4: AI IN FINANCE & RESPONSIBLE ai

Finance is a department that is prone to a ton of manual processes and promises to benefit from the field of Artificial Intelligence (AI) and its advancements immensely. Pitchbook recently released a report that stated that the volume of private deals made in the “CFO stack” category superseded the “Payments” vertical for Q1’25 and over the TTM period. This is significant given Payments is a large field encompassing domestic and cross border commerce, money movement, fraud and a whole lot more trade linked sub-categories, while the CFO stack applies to Finance teams and directly benefits internal users.

This article explores the subsets of  AI, its use cases as they apply to the CFO stack, and an area called Responsible AI.


Subsets of AI

Source: community.aws

AI is the total subject area and its subsets are NLP, DL and ML that are not new, although Conversational AI and LLM are the most popular and are ones in the spotlight recently.
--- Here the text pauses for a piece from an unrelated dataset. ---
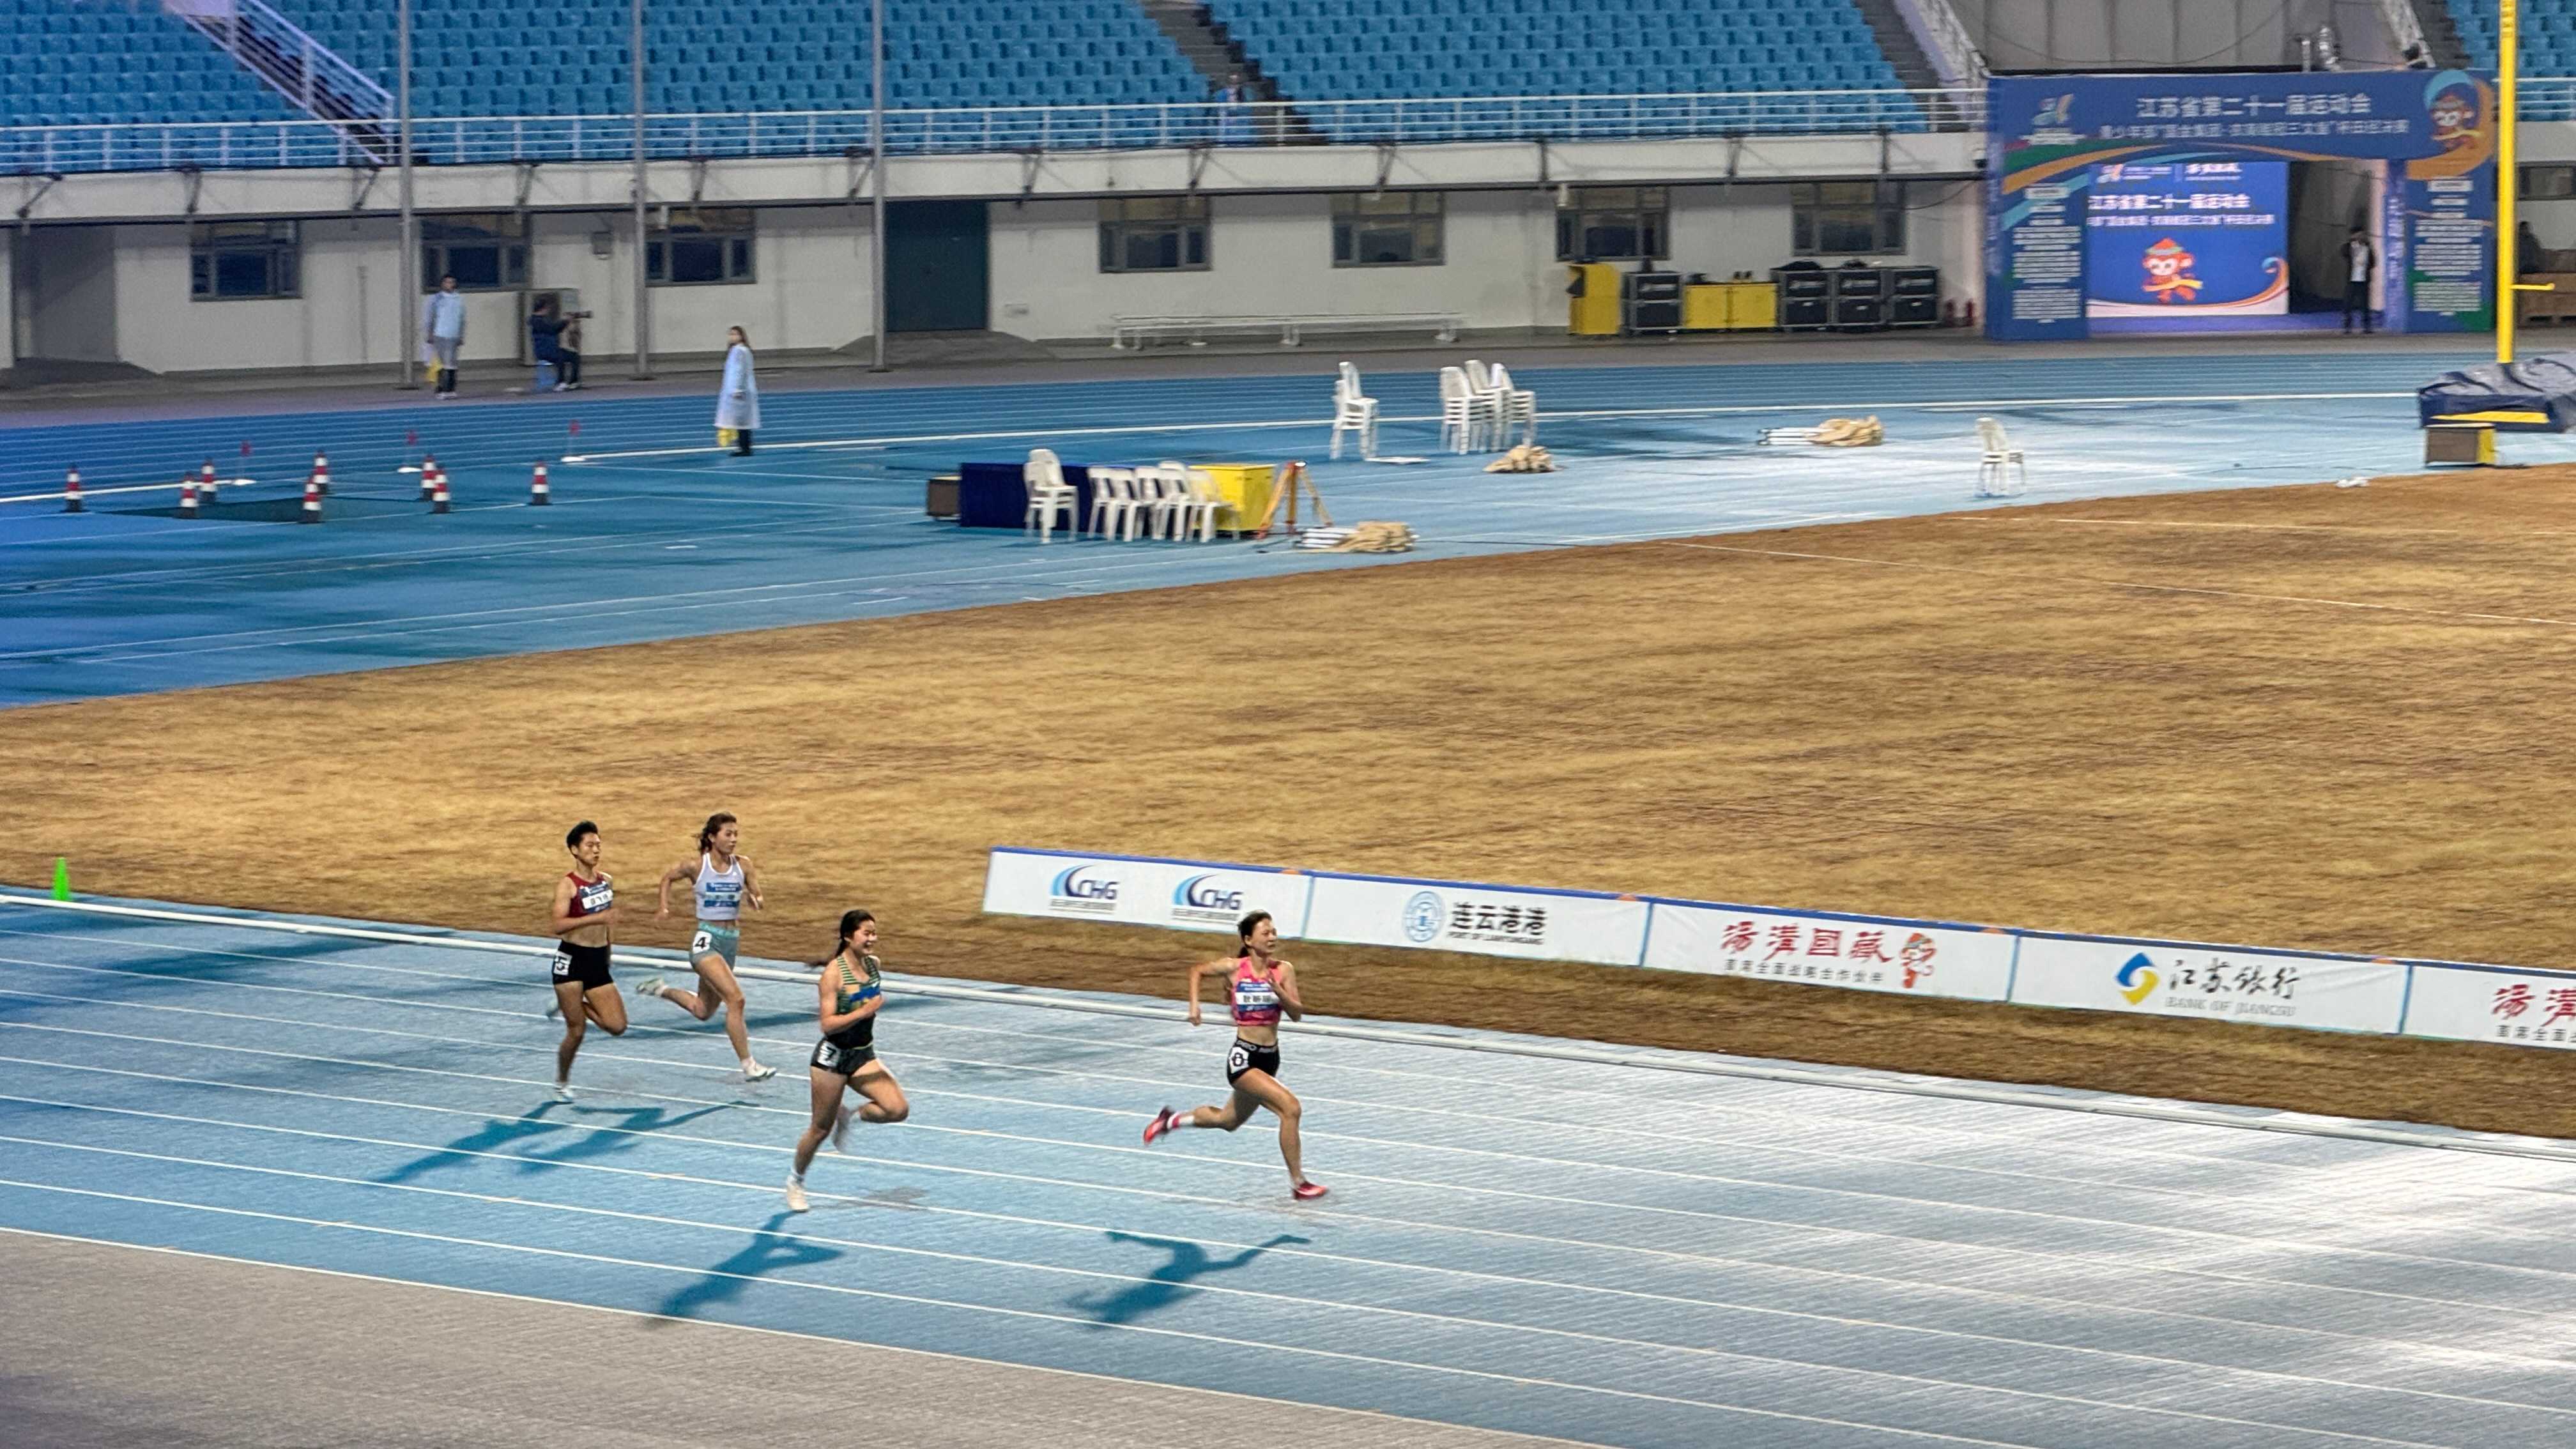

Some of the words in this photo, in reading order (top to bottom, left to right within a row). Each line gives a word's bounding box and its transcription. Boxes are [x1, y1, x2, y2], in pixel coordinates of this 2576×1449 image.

[1077, 879, 1120, 900] CHG
[1200, 889, 1243, 910] CHG
[694, 937, 707, 949] 4
[1231, 1052, 1245, 1067] 8
Generative AI is the application of LLMs that can produce text, speech, image and video, that organizations often refer to as “multi-modal”. 


Moving on to now exploring solutions and use cases within AI in Finance


Subsets of AI

Machine Learning

A type of artificial intelligence (AI) that allows computers to learn from data and improve their performance without being explicitly programmed for every specific task

Deep Learning

A specialized subset of Machine Learning that uses artificial neural networks with many layers to model and solve complex problems—especially those involving unstructured data like images, audio, text, or video.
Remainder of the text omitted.